- **EXERCISE MATERIALS**:
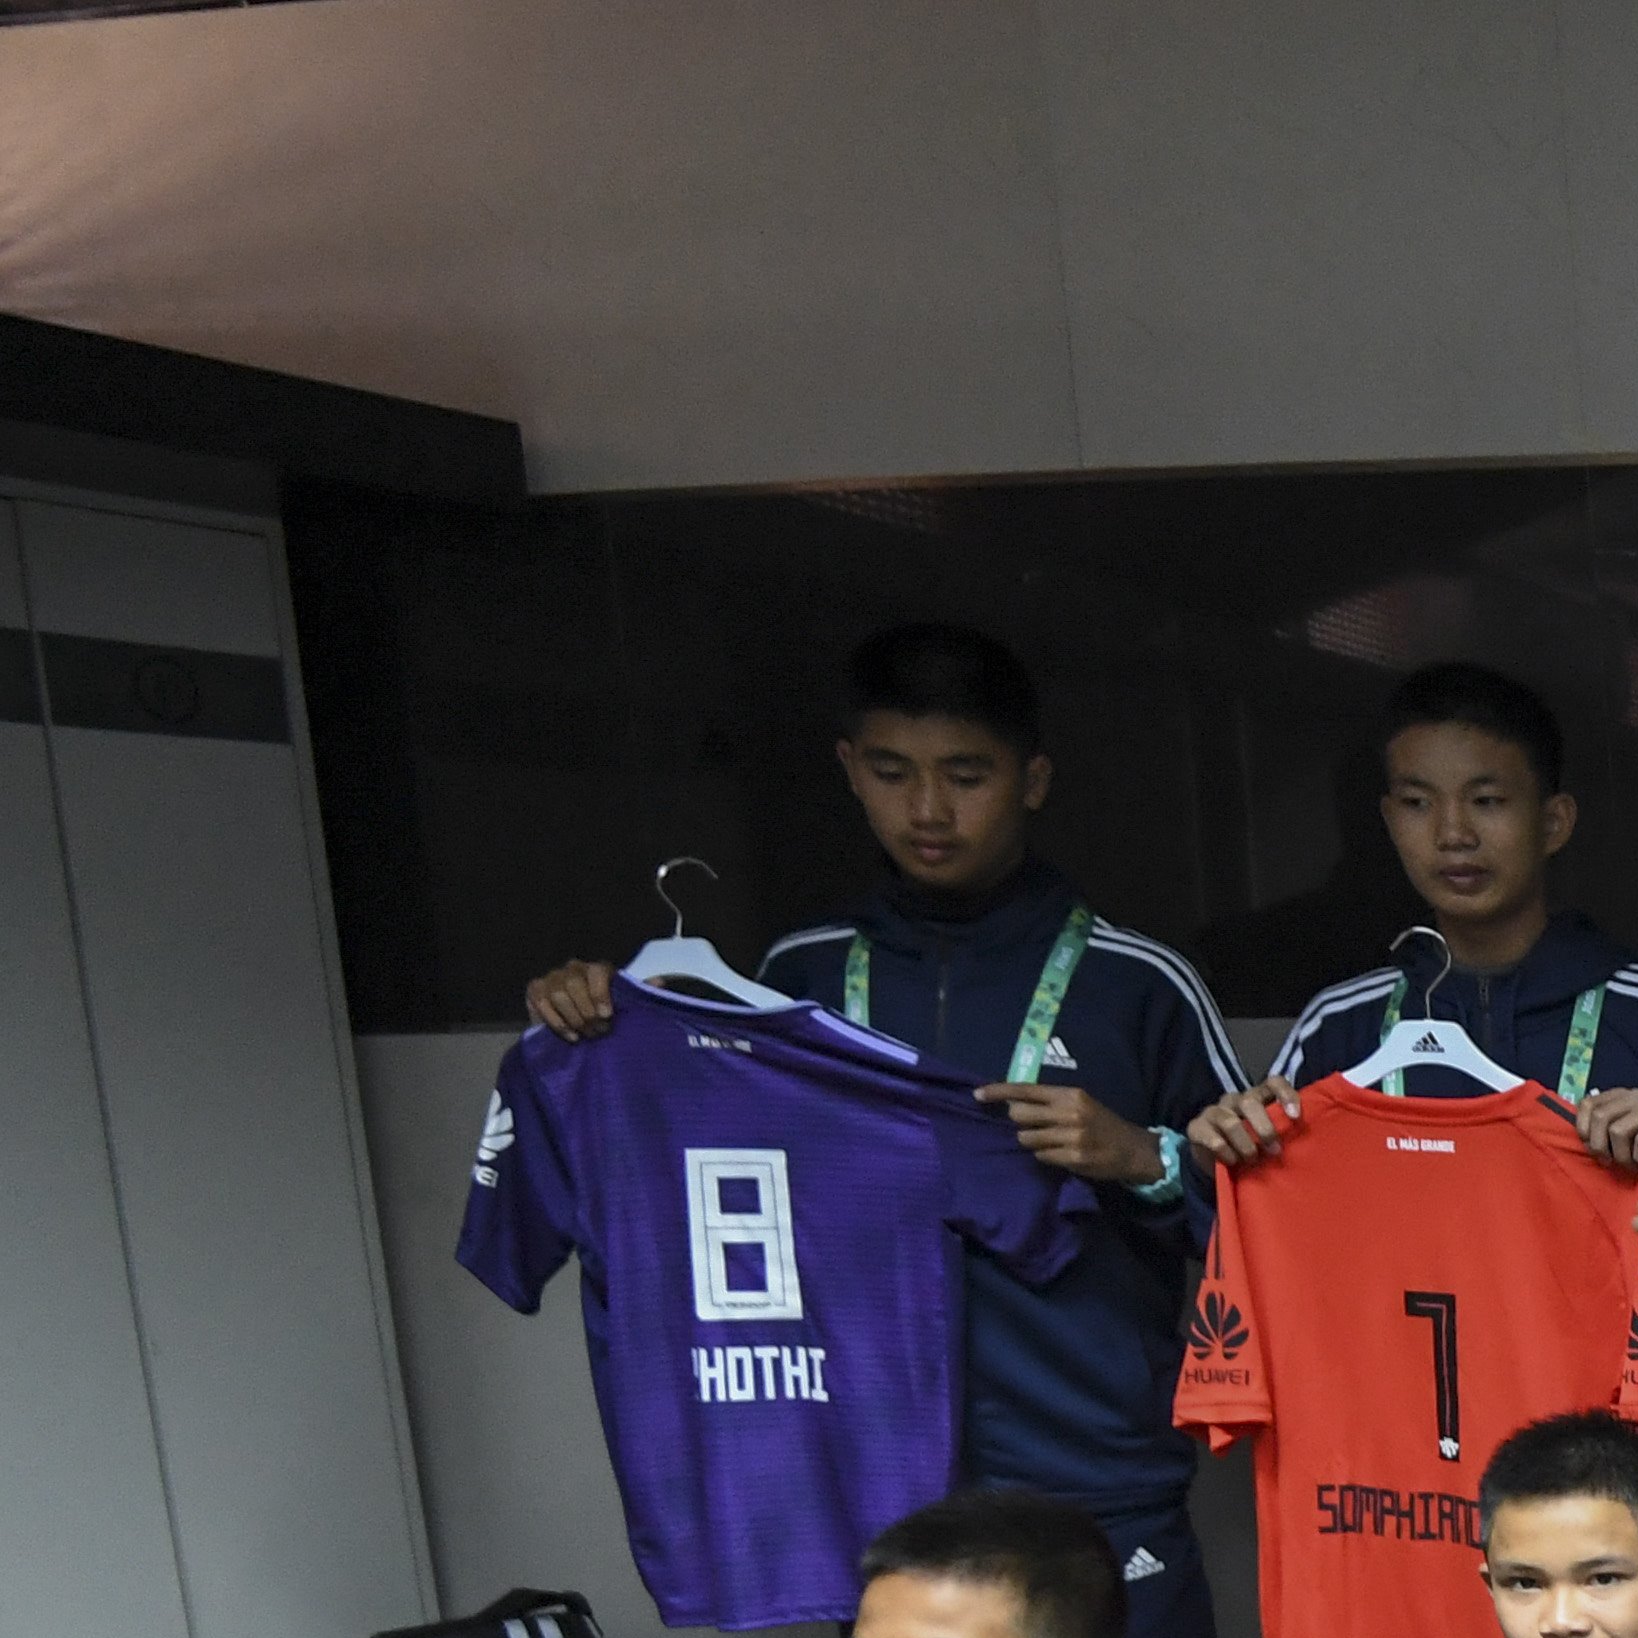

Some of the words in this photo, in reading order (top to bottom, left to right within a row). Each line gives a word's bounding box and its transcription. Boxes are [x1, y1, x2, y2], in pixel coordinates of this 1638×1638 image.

[685, 1147, 805, 1321] 8
[691, 1345, 831, 1404] HOTHI
[1403, 1290, 1462, 1464] 1
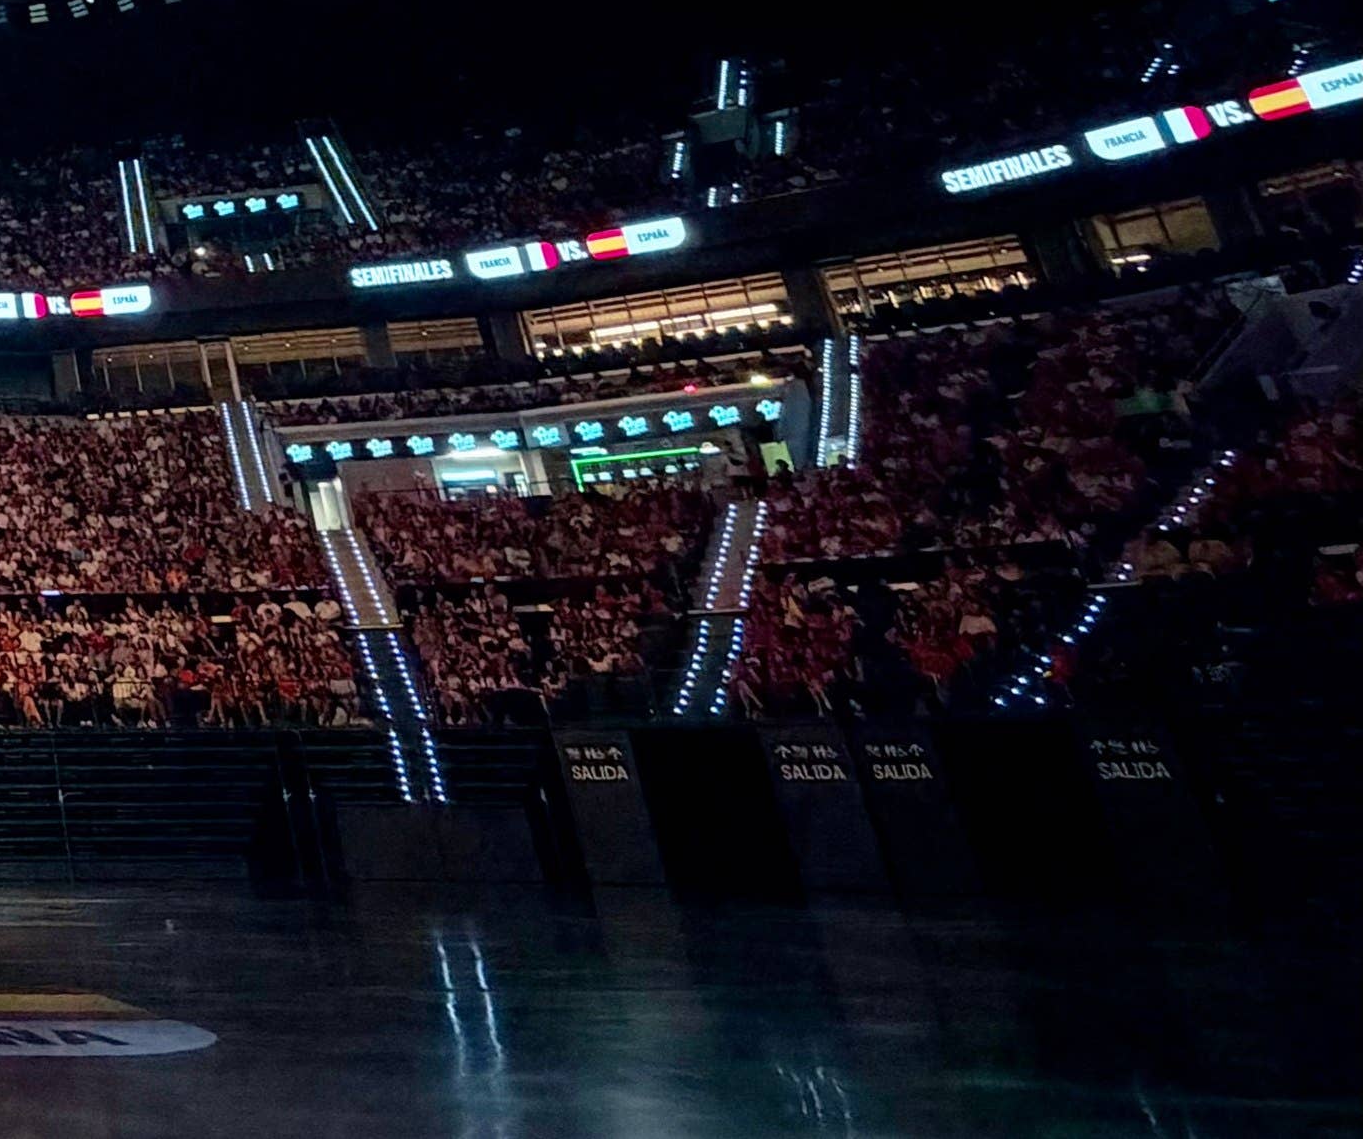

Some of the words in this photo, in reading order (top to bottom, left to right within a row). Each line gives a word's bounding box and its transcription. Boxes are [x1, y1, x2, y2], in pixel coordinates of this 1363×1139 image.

[940, 144, 1074, 195] SEMIFINALES
[1206, 99, 1255, 128] VS.
[350, 259, 453, 288] SEMIFINALES
[556, 241, 588, 261] VS.
[45, 296, 71, 315] VS.
[571, 764, 628, 781] SALIDA
[780, 764, 846, 781] SALIDA
[873, 762, 933, 780] SALIDA
[1095, 761, 1174, 780] SALIDA
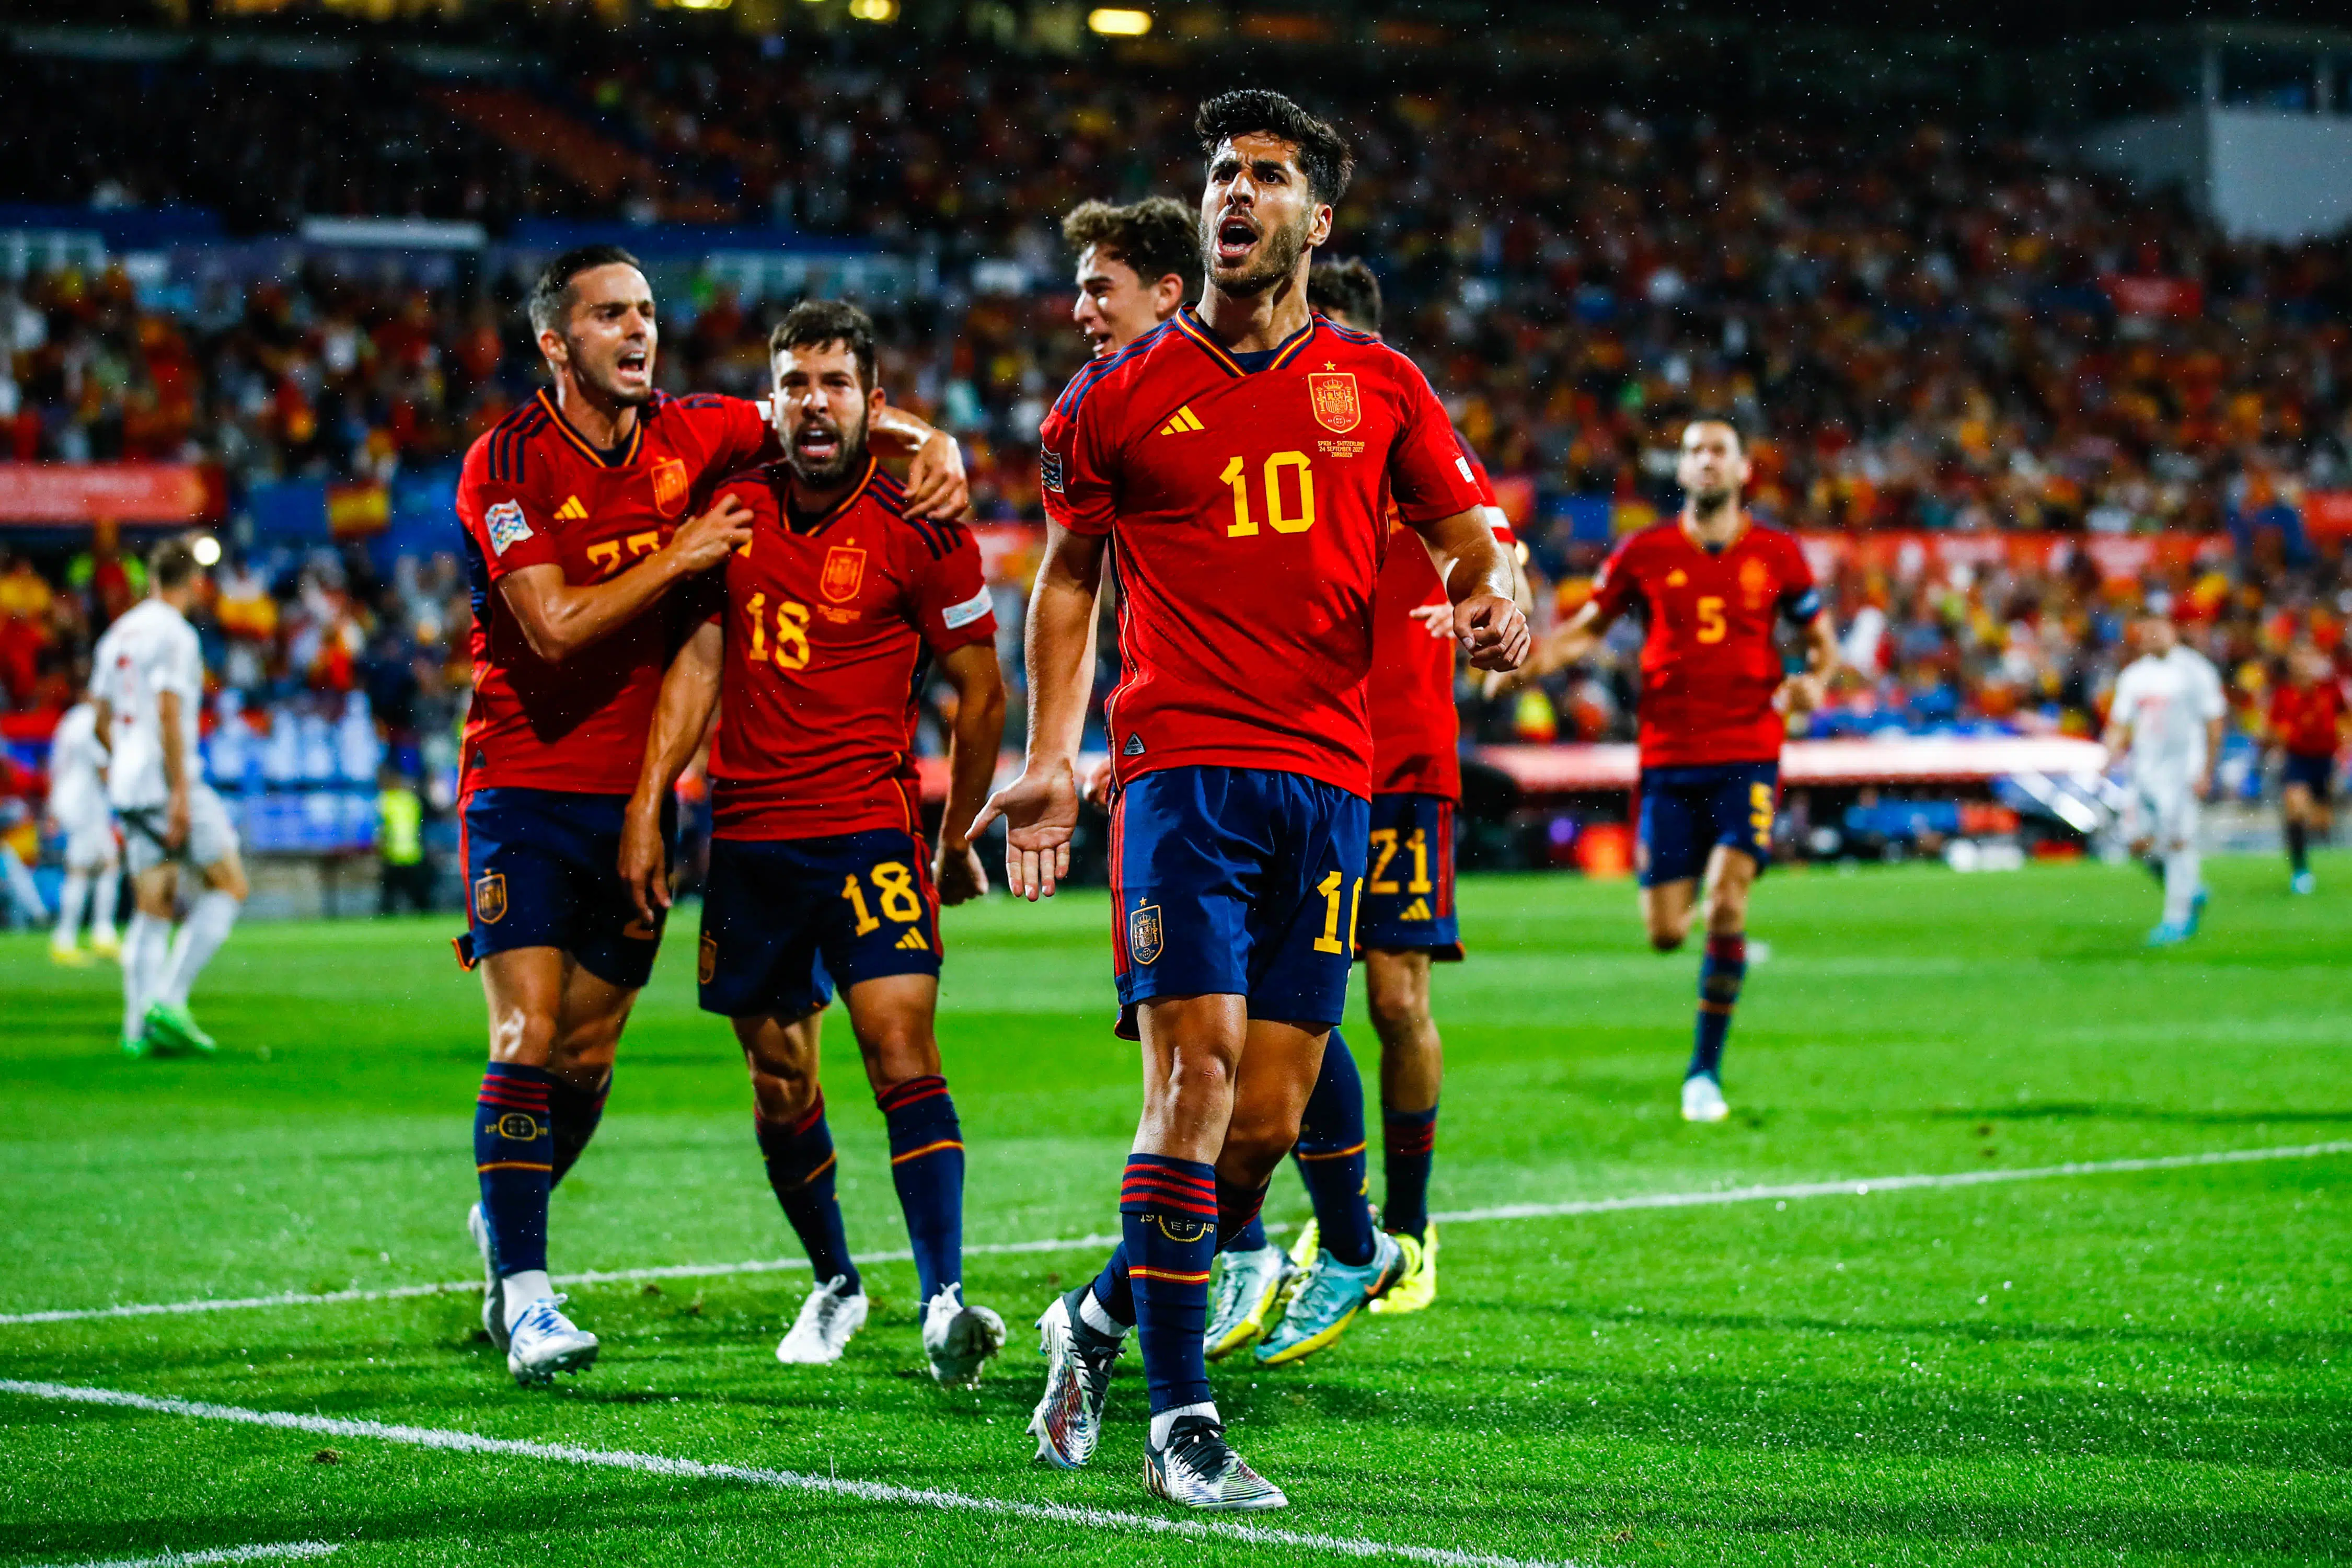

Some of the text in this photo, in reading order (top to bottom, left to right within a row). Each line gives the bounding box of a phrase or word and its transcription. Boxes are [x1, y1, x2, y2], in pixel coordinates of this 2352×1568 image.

- **YOUR TASK**: What you give back must match the material above exactly, minus its pictures.

- **ANSWER TO THIS TASK**:
Some of the words in this photo, in reading order (top to bottom, left to right within a row). Each line gives a word's bounding box and its transcription. Boxes are [x1, y1, x2, y2], in pixel coordinates of this 1638×1638 image.

[685, 1147, 805, 1321] 8
[691, 1345, 831, 1404] HOTHI
[1403, 1290, 1462, 1464] 1

Some of the words in this photo, in reading order (top to bottom, left to right within a row). Each line gives a word's bounding box and its transcription. Boxes are [x1, y1, x2, y2], in pixel coordinates of this 1363×1139 image.

[940, 144, 1074, 195] SEMIFINALES
[1206, 99, 1255, 128] VS.
[350, 259, 453, 288] SEMIFINALES
[556, 241, 588, 261] VS.
[45, 296, 71, 315] VS.
[571, 764, 628, 781] SALIDA
[780, 764, 846, 781] SALIDA
[873, 762, 933, 780] SALIDA
[1095, 761, 1174, 780] SALIDA

Some of the text in this photo, in reading order (top to bottom, left to right within a row). Each line gives the bounding box of a phrase or word and its transcription. Boxes are [x1, y1, x2, y2], in pixel coordinates of this 2352×1568 image.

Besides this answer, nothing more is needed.